Original article

Venovenous extracorporeal membrane oxygenation to treat hypercapnia in a morbidly obese patient

DOI: https://doi.org/10.4414/smw.2018.14639
Publication Date: 12.07.2018
Swiss Med Wkly. 2018;148:w14639

Heidi Lederera, Magnus Stalderab, Kai Tisljara, Fabio Lanzia, Emmanuelle Landmannab, Tamina Mosimanna, Franziska Zeehab, Stephan Zürchera, Vincent Mosimannab, Rainer Spiegelab, Raoul Suttera, Patrick Hunzikera

a Medical Intensive Care Units, University Hospital Basel, University of Basel, Switzerland

b Division of Internal Medicine, University Hospital Basel, University of Basel, Switzerland


Morbid obesity plays an increasingly important role in healthcare. Patients who are severely obese often suffer from a range of medical problems. One problem is obesity-related hypoventilation syndrome with its resulting hypercapnia. We report a case of a 33-year-old female patient who was in an extraordinarily bad medical state, with severe hypercapnia (pCO2 15.1 kPa), sepsis, acute anuric kidney failure and resulting acidosis (pH 6.96). Her body mass index was 84 kg/m2. Her chances of survival were considered very low after failed attempts at noninvasive ventilation. Based on prior research, we refrained from intubation and chose venovenous extracorporeal membrane oxygenation to treat the hypercapnia. In the entire medical literature, we are not aware of a similarly extraordinary case of obesity-related hypoventilation syndrome that could finally be treated successfully. The idea behind this case report is to consider venovenous extracorporeal membrane oxygenation as an alternative to intubation in this patient collective.

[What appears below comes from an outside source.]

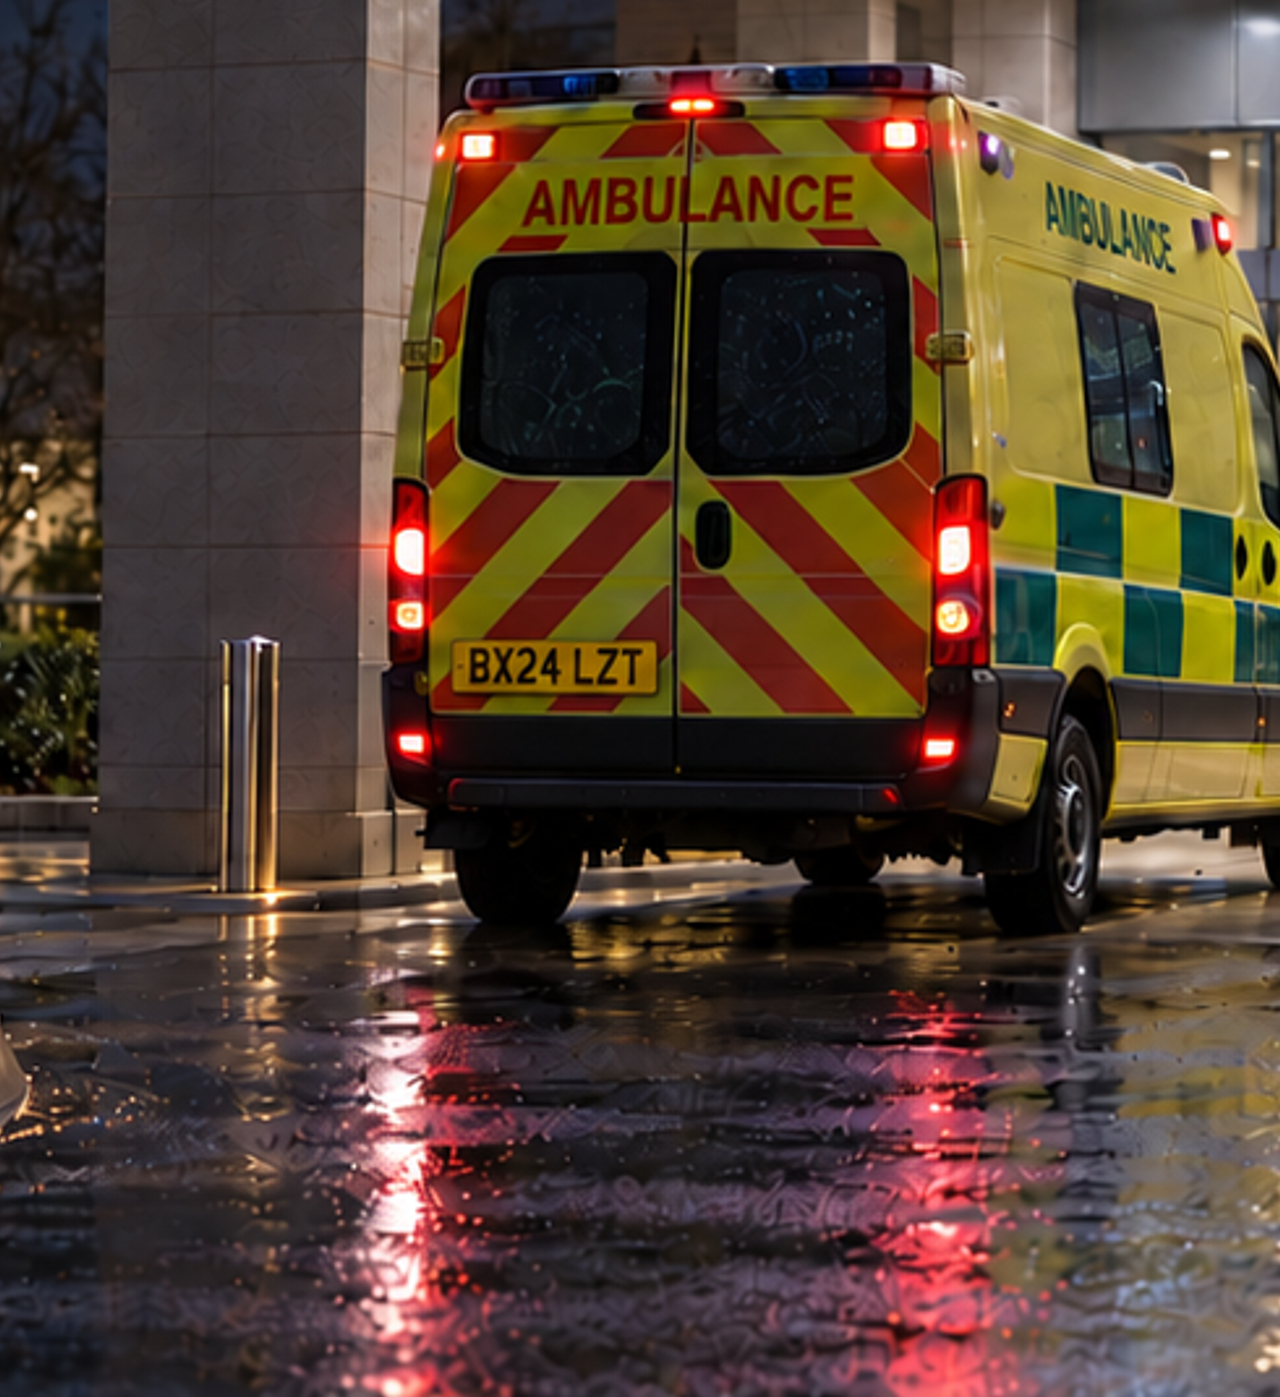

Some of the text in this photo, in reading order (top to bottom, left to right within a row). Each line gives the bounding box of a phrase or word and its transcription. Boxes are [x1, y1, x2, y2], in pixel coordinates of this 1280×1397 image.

[523, 174, 854, 227] AMBULANCE
[1045, 182, 1176, 273] AMBULANCE
[468, 646, 643, 685] BX24 LZT

Keywords: venovenous extracorporeal membrane oxygenation, noninvasive ventilation, sepsis, hypercapnia, obesity hypoventilation syndrome, anuric kidney failure, intensive care unit


For patients with worsening hypercapnia, there are various ways to remove CO2. One is noninvasive ventilation. There are circumstances, however, where noninvasive ventilation fails. In special populations, such as morbidly obese patients, the solution to failed noninvasive ventilation is not necessarily intubation and subsequent mechanical ventilation, as this puts the patient at risk of ventilation-induced lung injury or pneumothorax. Consequently, this case involves venovenous extracorporeal membrane oxygenation (ECMO) as a means of hypercapnia reduction. It is intended to be an alternative to intubation and mechanical ventilation. Venovenous ECMO as an alternative to intubation, as described in several studies and case reports, has demonstrated its potential in similar situations before [16]. Although venovenous ECMO is known for potential complications, this case demonstrates that the benefits may outweigh the treatment-associated risks in particular populations.


A recent systematic review and meta-analysis came to the conclusion that medical complications of venovenous ECMO frequently occur, but their effect on mortality is limited [1], hence justifying its application in acute respiratory distress syndrome (ARDS). A retrospective study on obese and extremely obese patients with respiratory failure concluded that neither mortality, nor the number of complications was associated with body mass index (BMI) [2].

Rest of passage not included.